§ Records for the task

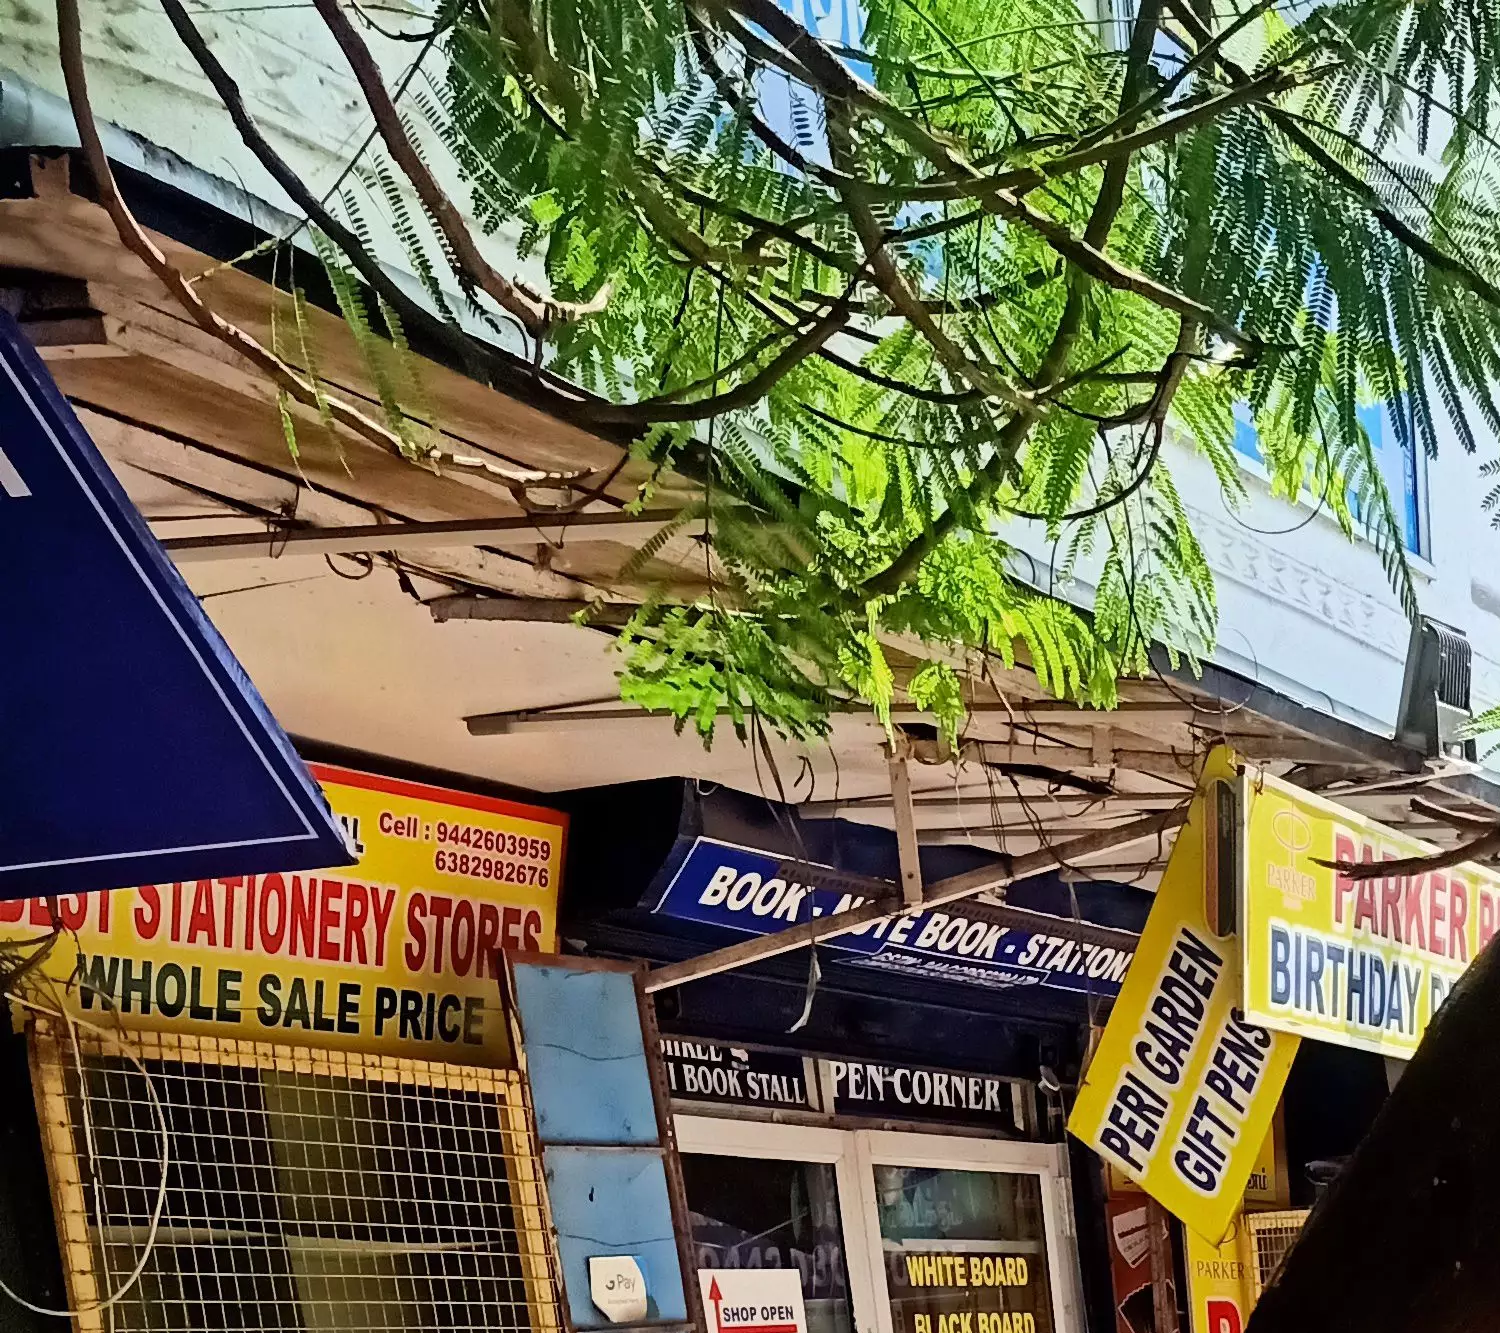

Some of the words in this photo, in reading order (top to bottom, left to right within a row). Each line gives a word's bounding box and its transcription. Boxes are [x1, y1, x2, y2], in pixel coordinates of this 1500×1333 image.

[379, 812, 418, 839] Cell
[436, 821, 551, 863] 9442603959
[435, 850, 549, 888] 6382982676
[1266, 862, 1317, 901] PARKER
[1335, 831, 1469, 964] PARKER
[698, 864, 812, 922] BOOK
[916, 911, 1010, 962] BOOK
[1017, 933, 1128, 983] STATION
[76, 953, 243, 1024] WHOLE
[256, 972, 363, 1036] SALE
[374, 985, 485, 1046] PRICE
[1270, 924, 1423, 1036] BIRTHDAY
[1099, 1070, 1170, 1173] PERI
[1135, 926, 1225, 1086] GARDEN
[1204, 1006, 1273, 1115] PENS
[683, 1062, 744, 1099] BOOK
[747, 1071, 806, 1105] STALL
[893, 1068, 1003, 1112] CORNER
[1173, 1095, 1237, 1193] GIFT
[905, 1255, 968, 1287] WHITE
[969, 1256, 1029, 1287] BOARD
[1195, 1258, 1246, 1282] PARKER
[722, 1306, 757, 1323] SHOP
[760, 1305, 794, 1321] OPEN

§ Assignment
When repeating the entries, leave out every picture and keep the rest exact.

§ Written response
Some of the words in this photo, in reading order (top to bottom, left to right within a row). Each line gives a word's bounding box and its transcription. Boxes are [x1, y1, x2, y2], in pixel coordinates of this 1500×1333 image.

[379, 812, 418, 839] Cell
[436, 821, 551, 863] 9442603959
[435, 850, 549, 888] 6382982676
[1266, 862, 1317, 901] PARKER
[1335, 831, 1469, 964] PARKER
[698, 864, 812, 922] BOOK
[916, 911, 1010, 962] BOOK
[1017, 933, 1128, 983] STATION
[76, 953, 243, 1024] WHOLE
[256, 972, 363, 1036] SALE
[374, 985, 485, 1046] PRICE
[1270, 924, 1423, 1036] BIRTHDAY
[1099, 1070, 1170, 1173] PERI
[1135, 926, 1225, 1086] GARDEN
[1204, 1006, 1273, 1115] PENS
[683, 1062, 744, 1099] BOOK
[747, 1071, 806, 1105] STALL
[893, 1068, 1003, 1112] CORNER
[1173, 1095, 1237, 1193] GIFT
[905, 1255, 968, 1287] WHITE
[969, 1256, 1029, 1287] BOARD
[1195, 1258, 1246, 1282] PARKER
[722, 1306, 757, 1323] SHOP
[760, 1305, 794, 1321] OPEN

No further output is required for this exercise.